Marion resident is heading to the Olympics—for the second time
Most people don’t have their lives figured out at the age of three—but Konstantin Kostin isn’t most people.
Kostin, a current Marion resident, started ice skating when his mother brought him, aged three, to an ice rink in Riga, Latvia.
This week, he’s headed to Pyeongchang, South Korea to judge the men’s figure skating program at the Winter Olympics.
“It’s a big honor,” Kostin said.
The Latvian native will hold the technical specialist role on the judging panel.
“My duty is basically to watch the skater and identify elements, identify levels, identify falls,” he said. “I basically cannot take my eyes off the skater [as they perform].”
Kostin knows a thing or two about Olympic skating—as a 19-year-old, he competed in the 1992 Winter Olympics in Albertville, France. He placed 20th in the competition.
“It was exciting,” he said. “I was young, I didn’t expect anything.”
Kostin was born in Riga when Latvia was part of the Soviet Union, and said that skating was very popular at the time.
“There were lots of very famous skating schools, especially in Moscow,” he said. “They had try-outs, and I was pretty decent for my age.”
He moved to Moscow with his mother when he was six to start training as a figure skater. He attended a Red Army school that worked in conjunction with an athletic school to provide students with education and training.
“In the morning the whole class would skate,” he said. “Then we’d go to class.”
When he was seven, Kostin’s brother was born. His mother stayed with him in Moscow while his grandmother stayed with his brother in Latvia while his father worked. However when he was 10, his grandmother died and he and his mother moved back to Riga.
“I stayed there until I was twelve, and then moved to St. Petersburg,” he said. “I was on my own at twelve. I stayed until I was fifteen.”
He moved back to Riga again after suffering a serious knee injury, saying he took time off to heal. “Then I started skating again. At sixteen, I was back in Moscow training.”

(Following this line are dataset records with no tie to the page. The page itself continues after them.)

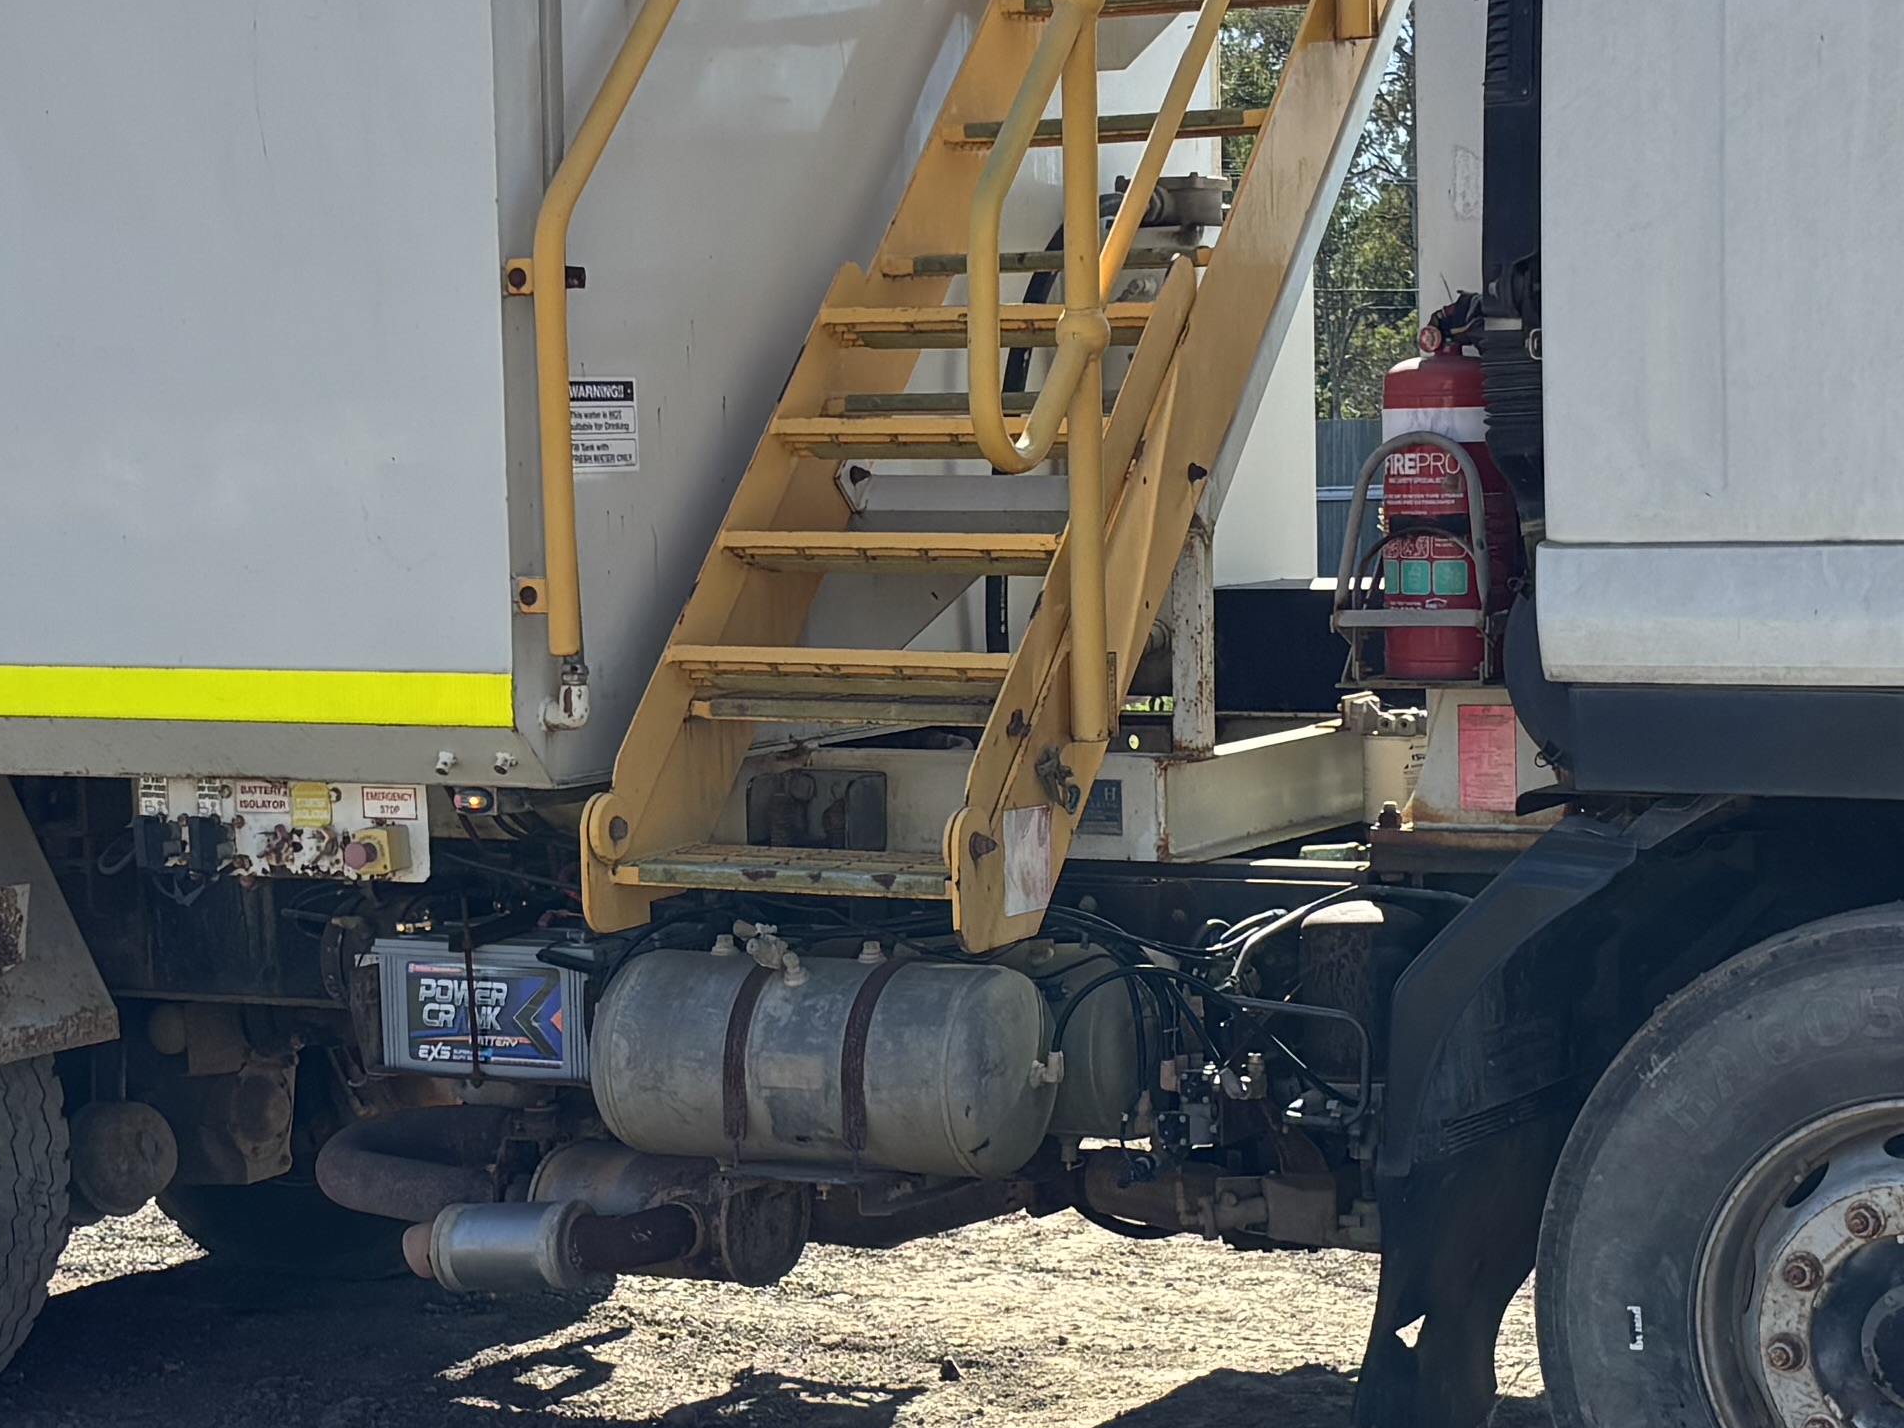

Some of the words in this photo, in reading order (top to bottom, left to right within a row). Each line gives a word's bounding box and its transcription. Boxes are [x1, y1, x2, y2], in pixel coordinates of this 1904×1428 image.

[1385, 453, 1461, 475] FIREPRO
[240, 784, 283, 795] BATTERY
[365, 791, 412, 802] EMERGENCY
[239, 799, 286, 810] ISOLATOR
[379, 805, 401, 815] STOP
[418, 978, 508, 1007] POWER

Kostin represented the Soviet Union in 1992 at the Junior Figure Skating World Championships in Canada, where he won the silver medal. He represented Latvia at the Winter Olympics that same year.
After competing in more international competitions, and placing fourth at the 1993 European Championships, Kostin received an invitation to train in the United States. The Soviet Union had fallen and Latvia’s training resources had become limited, so Kostin decided to take the offer. He moved to South Dennis, where at the time, there was a large international training facility.

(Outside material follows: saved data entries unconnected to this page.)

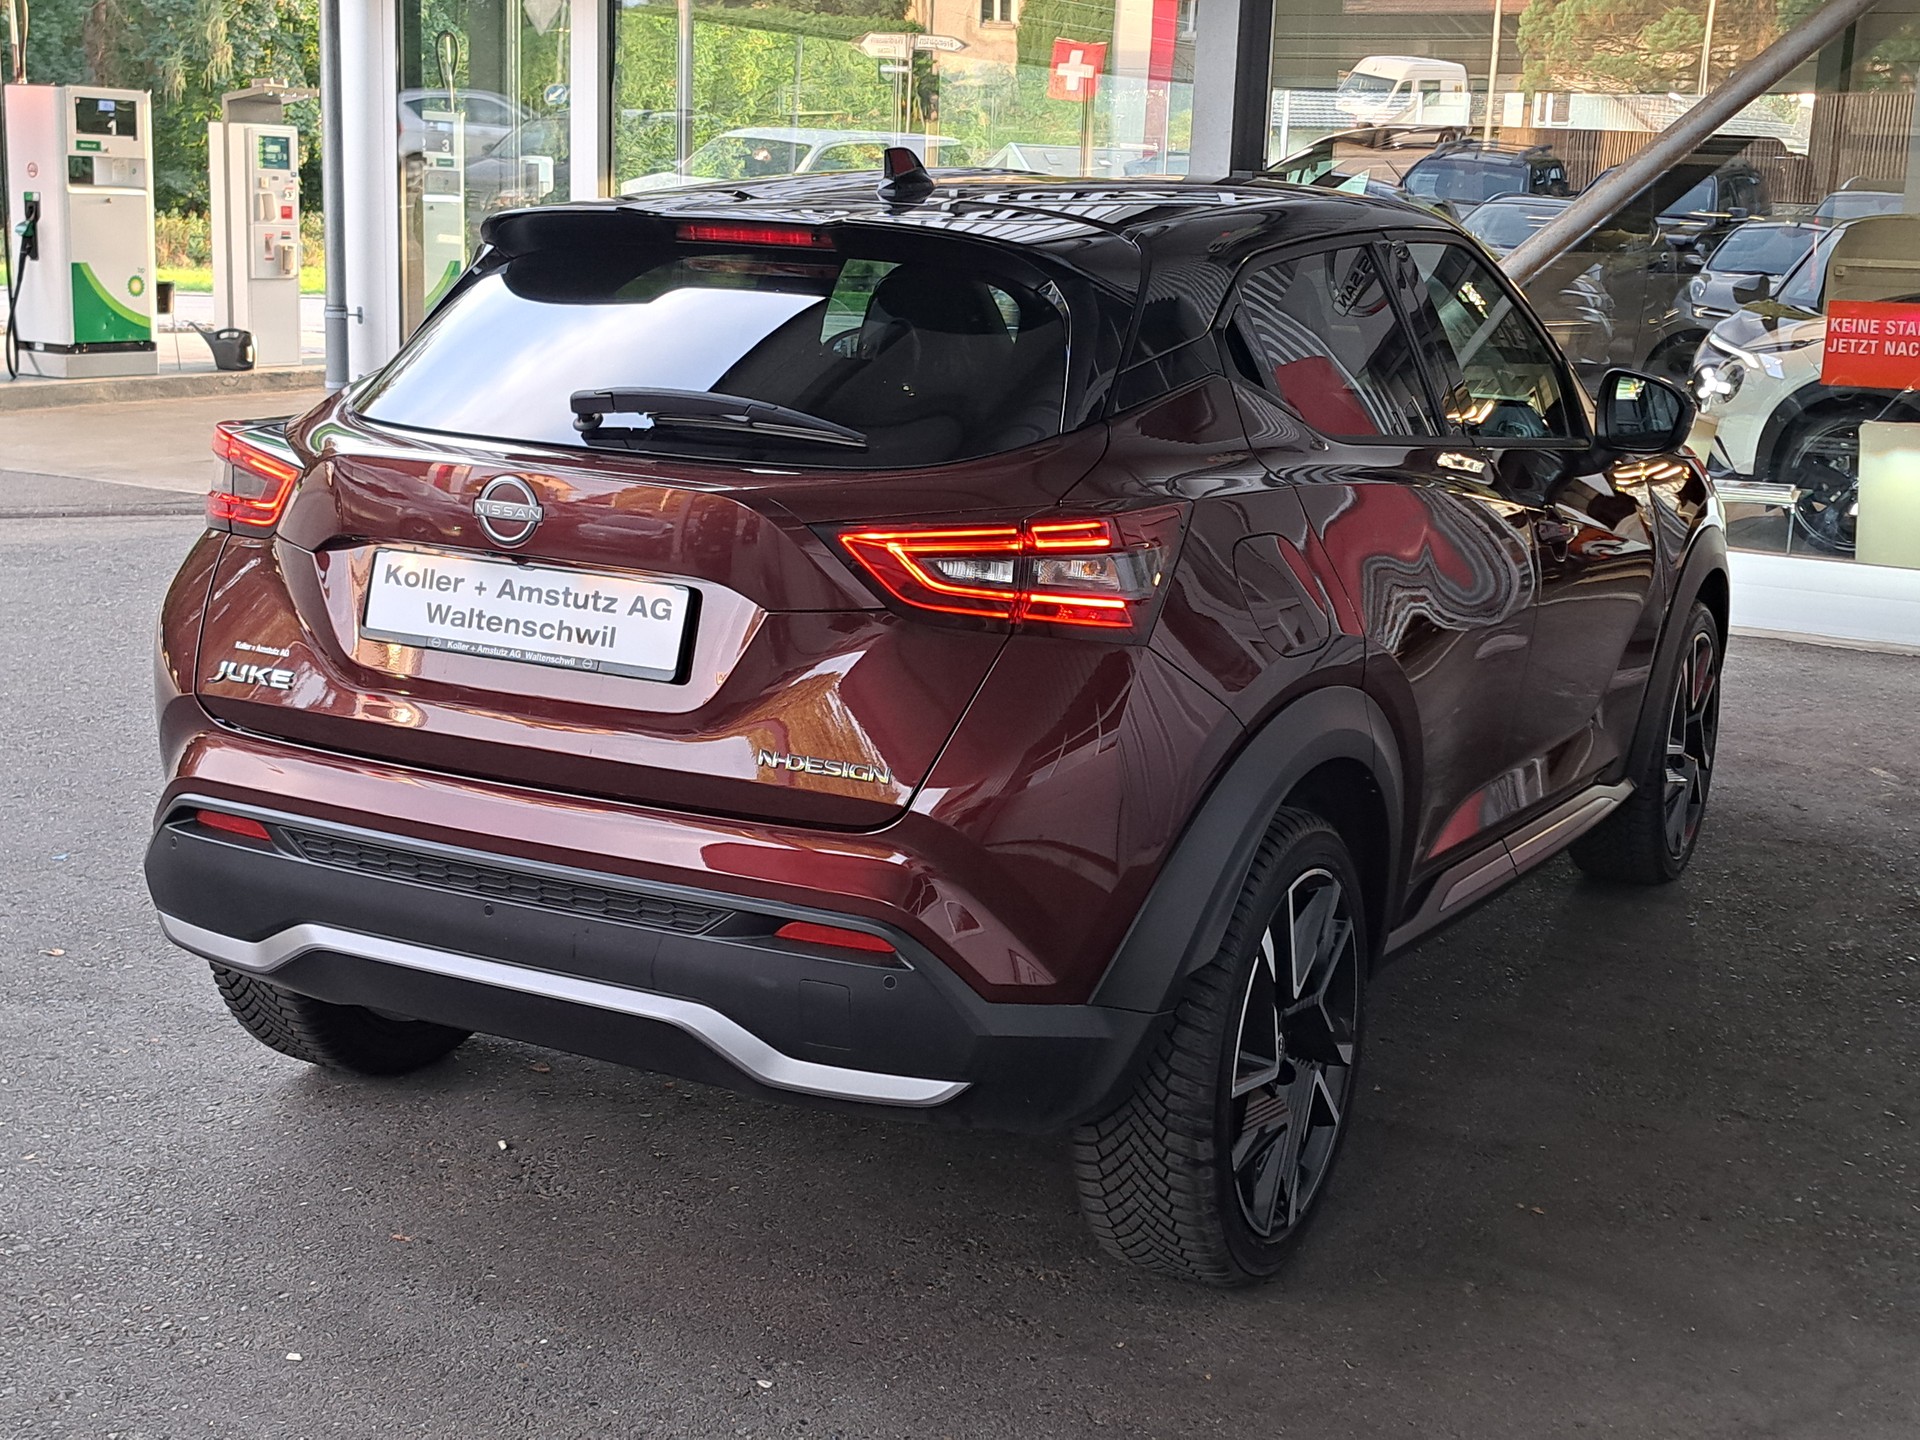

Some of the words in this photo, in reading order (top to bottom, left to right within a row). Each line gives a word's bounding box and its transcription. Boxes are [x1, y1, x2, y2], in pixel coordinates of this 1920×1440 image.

[107, 120, 117, 136] 1
[441, 139, 450, 152] 3
[1830, 317, 1880, 334] KEINE
[1827, 338, 1879, 355] JETZT
[476, 502, 541, 519] NISSAN
[384, 563, 465, 593] Koller
[474, 581, 488, 596] +
[496, 578, 619, 614] Amstutz
[627, 595, 673, 621] AG
[426, 602, 617, 649] Waltenschwil
[447, 640, 469, 651] Koller
[477, 645, 508, 657] Amstutz
[509, 650, 521, 659] AG
[525, 652, 576, 666] Waltenschwil
[207, 660, 296, 690] JUKE
[757, 748, 892, 784] N-DESIGN

“I was well traveled, so it wasn’t as hard for me to move here,” he said. “It was just different.”
While Kostin's goal was to represent Latvia in the 1994 Olympics, an ankle injury prevented a repeat performance.

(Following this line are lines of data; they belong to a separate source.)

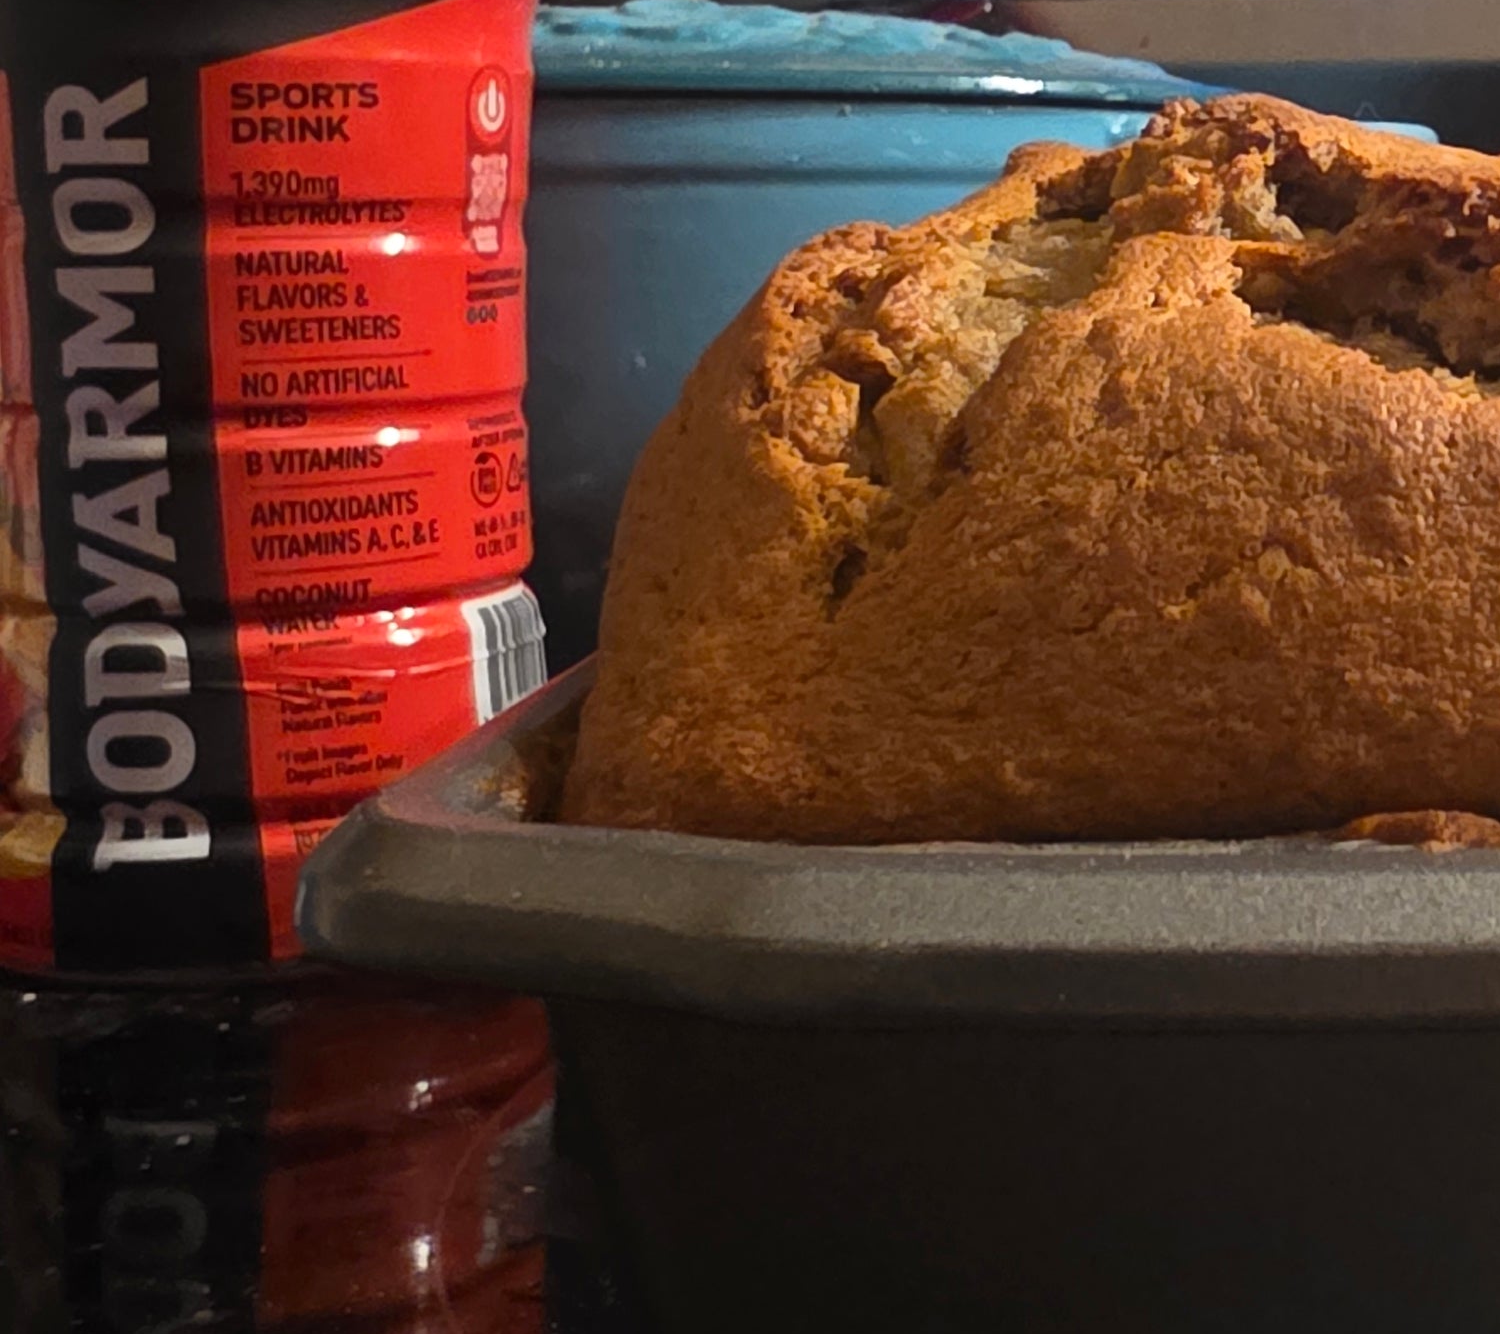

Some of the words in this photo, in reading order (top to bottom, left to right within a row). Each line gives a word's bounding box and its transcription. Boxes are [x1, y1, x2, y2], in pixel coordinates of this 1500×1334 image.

[229, 82, 380, 111] SPORTS
[231, 114, 351, 144] DRINK
[234, 249, 350, 277] NATURAL
[236, 281, 348, 312] FLAVORS
[353, 283, 370, 308] &
[238, 314, 402, 346] SWEETENERS
[240, 371, 279, 398] NO
[285, 364, 411, 397] ARTIFICIAL
[243, 403, 309, 430] DYES
[43, 75, 211, 871] BODYARMOR
[245, 450, 263, 477] B
[269, 444, 384, 475] VITAMINS
[250, 488, 419, 528] ANTIOXIDANTS
[251, 527, 362, 562] VITAMINS
[412, 521, 427, 545] &
[428, 518, 441, 544] E
[255, 577, 373, 607] COCONUT

“My ankle wouldn’t heal, so I had to skip the next Olympics,” Kostin explained, “and ’94 would have been a good season for me.”
The injured ankle continued to plague Kostin. Four surgeries and numerous screws later, he was finally able to compete in the 1997 Figure Skating World Championships.
Then, doctors took the screws out. The ankle broke again.
“There was so much stress and pressure on that foot from landing on it during jumps,” Kostin said.
Eventually doctors decided to do a bone graft, taking bone from Kostin’s hip and transferring it to his ankle.
The ankle (finally) healed well. Kostin started spending one week a month training and coaching in Texas, before deciding to take up coaching full-time.
“I thought maybe that was enough,” he said of his decision to move away from competition. “It was pointless [to keep training]. My window was ’93-’98 and I was injured, so it had kind of gone by.”
Kostin was married in 2001 and moved back to Massachusetts in 2003 with wife Heidi, after receiving an offer to coach at the Yarmouth Ice Club.
Now, he spends his days coaching at the Yarmouth Ice Club and the Colonial Figure Skating Club in Boxborough. Kostin said he likes coaching, and has enjoyed his time living in the United States.
“It’s different, that’s for sure,” he said. “It’s a beautiful place…I moved here during the summer, and it was the time to be here.”
He said now, his goal is to train his students as well as he can.
“I just try to do a good job,” he said. “My focus is on my competitive skaters. If I have skaters make national competitions I’m happy. I just try to work hard and make sure my kids are accomplishing to the best of their abilities.”